La mujer miró a Osborn y luego a Remmer.

– Sí -contestó.

– ¿Habla usted inglés?

– Sí -dijo ella, y volvió a mirar a Remmer-. ¿Quién es usted? ¿Qué quiere?

– Me llamo Osborn. Soy médico y vivo en Estados Unidos. Buscamos a alguien que tal vez usted conozca: el doctor Helmuth Salettl.

La mujer palideció.

– No conozco a nadie con ese nombre. Lo siento. Auf Wiedershen!

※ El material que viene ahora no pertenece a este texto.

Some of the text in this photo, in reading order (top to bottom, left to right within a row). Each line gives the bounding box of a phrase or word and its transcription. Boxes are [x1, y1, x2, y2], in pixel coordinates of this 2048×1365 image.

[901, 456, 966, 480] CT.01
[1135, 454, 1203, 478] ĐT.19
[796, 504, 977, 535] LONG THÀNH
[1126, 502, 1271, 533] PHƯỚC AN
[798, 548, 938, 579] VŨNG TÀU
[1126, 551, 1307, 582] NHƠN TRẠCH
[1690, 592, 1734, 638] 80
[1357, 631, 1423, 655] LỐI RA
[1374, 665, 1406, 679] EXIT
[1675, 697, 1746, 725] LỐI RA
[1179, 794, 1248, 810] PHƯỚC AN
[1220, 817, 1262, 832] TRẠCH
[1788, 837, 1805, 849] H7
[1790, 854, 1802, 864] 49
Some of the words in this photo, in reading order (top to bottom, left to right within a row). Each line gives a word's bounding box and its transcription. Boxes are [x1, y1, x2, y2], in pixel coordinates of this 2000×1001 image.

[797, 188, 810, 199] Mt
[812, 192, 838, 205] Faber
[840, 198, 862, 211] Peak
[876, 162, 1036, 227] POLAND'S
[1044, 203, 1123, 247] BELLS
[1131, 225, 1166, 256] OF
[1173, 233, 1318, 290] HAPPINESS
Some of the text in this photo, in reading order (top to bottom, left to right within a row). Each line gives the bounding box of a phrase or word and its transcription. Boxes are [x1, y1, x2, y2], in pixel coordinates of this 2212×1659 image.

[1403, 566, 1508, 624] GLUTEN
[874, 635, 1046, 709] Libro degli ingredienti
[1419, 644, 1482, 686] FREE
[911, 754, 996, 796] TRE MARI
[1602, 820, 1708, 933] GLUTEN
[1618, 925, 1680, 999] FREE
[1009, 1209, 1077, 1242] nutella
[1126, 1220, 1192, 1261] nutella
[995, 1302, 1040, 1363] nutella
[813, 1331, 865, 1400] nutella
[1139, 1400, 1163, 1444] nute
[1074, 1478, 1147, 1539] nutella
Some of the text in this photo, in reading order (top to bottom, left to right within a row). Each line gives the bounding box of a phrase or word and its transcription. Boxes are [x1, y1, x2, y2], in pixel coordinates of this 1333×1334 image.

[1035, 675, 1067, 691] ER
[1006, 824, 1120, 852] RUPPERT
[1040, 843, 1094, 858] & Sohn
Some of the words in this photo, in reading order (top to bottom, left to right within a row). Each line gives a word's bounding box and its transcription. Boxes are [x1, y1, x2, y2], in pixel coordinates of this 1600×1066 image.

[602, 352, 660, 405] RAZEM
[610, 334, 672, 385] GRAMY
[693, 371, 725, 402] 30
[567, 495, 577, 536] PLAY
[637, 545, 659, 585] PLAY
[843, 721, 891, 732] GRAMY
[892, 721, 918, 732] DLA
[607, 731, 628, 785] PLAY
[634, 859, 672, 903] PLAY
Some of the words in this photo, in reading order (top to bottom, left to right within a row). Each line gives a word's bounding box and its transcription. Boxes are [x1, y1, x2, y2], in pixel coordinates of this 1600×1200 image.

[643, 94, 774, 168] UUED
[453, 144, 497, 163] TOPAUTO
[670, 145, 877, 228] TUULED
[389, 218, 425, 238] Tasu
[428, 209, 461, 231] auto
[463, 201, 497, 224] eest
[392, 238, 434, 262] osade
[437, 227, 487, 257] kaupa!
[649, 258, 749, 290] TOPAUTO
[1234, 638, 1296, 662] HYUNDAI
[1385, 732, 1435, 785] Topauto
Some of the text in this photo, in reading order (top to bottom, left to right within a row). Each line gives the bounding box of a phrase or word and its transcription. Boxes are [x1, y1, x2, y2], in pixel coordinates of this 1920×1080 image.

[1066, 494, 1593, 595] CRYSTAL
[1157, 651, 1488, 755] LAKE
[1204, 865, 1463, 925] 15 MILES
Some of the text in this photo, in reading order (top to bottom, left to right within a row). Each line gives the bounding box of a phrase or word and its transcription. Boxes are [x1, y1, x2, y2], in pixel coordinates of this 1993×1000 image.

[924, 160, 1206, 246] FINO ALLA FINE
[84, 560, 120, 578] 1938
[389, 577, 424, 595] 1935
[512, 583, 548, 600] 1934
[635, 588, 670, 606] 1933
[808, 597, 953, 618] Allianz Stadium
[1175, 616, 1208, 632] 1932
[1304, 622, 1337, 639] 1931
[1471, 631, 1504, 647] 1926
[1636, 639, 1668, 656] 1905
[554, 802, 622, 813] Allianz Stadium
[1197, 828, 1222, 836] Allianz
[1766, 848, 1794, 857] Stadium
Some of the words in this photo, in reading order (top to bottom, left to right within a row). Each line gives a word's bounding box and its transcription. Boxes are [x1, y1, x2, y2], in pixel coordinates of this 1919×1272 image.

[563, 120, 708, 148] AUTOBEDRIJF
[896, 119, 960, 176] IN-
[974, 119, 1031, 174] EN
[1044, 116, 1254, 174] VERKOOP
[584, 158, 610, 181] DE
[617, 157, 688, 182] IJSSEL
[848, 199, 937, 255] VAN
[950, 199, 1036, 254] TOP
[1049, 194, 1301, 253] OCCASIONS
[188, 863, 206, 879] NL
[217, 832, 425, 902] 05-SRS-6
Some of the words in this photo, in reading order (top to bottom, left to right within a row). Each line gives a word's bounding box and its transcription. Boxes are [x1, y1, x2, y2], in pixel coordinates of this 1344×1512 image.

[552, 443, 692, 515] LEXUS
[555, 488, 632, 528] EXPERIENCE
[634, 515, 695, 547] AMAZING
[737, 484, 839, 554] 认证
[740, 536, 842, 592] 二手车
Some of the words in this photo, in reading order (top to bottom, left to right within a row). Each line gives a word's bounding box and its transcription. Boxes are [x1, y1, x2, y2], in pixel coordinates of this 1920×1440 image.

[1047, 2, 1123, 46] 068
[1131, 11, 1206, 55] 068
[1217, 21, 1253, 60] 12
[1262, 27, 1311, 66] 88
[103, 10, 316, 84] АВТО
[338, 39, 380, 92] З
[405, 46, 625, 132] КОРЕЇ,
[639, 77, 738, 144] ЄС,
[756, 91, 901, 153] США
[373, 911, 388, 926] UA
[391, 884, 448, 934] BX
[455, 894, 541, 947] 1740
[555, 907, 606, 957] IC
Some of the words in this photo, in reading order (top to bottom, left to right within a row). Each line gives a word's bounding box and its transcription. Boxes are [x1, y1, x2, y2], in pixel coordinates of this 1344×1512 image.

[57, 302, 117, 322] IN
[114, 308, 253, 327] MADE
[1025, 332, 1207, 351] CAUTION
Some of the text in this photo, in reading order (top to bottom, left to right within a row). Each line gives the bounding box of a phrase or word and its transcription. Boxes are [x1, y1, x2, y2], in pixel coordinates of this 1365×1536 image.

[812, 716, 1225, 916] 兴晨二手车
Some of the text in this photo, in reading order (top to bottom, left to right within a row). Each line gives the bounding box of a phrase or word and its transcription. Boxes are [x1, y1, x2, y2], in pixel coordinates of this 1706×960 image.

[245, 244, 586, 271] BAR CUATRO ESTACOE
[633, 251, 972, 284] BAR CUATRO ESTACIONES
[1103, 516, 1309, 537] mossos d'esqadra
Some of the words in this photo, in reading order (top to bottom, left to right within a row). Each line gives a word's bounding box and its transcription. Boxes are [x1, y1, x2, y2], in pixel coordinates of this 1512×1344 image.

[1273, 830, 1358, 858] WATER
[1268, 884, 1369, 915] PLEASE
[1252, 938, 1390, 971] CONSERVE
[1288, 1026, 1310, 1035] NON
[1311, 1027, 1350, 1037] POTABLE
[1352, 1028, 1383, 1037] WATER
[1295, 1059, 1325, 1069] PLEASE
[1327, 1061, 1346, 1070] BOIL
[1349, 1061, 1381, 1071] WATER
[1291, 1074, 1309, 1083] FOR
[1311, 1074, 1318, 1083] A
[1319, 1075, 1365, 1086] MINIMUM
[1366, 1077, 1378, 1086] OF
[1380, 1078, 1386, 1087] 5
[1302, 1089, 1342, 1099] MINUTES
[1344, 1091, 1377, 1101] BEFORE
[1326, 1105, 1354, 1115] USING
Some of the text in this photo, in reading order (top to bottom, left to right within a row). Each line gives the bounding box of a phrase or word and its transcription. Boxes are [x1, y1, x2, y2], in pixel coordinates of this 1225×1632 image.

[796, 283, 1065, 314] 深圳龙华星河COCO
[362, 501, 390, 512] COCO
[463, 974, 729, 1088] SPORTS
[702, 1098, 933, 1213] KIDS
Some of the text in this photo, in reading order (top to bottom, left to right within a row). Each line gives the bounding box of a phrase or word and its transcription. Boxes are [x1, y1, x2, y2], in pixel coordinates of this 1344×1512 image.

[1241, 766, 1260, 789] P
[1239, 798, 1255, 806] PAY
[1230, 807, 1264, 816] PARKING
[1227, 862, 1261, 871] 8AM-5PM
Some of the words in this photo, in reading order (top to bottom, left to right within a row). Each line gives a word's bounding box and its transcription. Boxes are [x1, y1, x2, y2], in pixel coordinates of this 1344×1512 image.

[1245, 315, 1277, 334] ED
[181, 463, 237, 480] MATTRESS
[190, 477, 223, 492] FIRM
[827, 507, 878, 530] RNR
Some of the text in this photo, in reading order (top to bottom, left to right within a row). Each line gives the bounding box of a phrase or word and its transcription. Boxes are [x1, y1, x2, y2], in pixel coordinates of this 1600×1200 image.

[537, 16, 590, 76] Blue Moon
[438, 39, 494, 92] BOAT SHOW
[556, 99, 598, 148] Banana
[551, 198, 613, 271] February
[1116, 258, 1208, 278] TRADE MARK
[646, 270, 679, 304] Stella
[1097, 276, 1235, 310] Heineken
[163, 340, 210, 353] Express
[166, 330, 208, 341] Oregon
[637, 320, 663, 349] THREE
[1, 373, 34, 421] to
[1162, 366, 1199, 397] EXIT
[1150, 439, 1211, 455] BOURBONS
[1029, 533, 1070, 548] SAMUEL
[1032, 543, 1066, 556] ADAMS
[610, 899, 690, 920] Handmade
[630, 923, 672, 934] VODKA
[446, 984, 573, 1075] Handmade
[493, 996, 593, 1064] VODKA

Dio un paso atrás y cerró la puerta. Oyeron que la mujer corría el pestillo y que llamaba a alguien en voz alta. Osborn golpeó la puerta.

– ¡Por favor! ¡Necesitamos su ayuda!

La oyeron hablar en el interior y a continuación la voz se apagó. Luego retumbó un portazo.

– Está saliendo por atrás -dijo Osborn, y se volvió hacia las escaleras. Remmer le cerró el paso.

– Doctor, ya se lo advertí. La mujer tiene todo el derecho y no podemos hacer nada.

– ¡Tal vez usted no pueda! -dijo, y lo empujó a un lado al pasar.

McVey y Noble estaban especulando con la posibilidad de que el propio Salettl fuera el cirujano responsable de los cuerpos decapitados cuando vieron salir a Osborn a toda prisa por la puerta principal.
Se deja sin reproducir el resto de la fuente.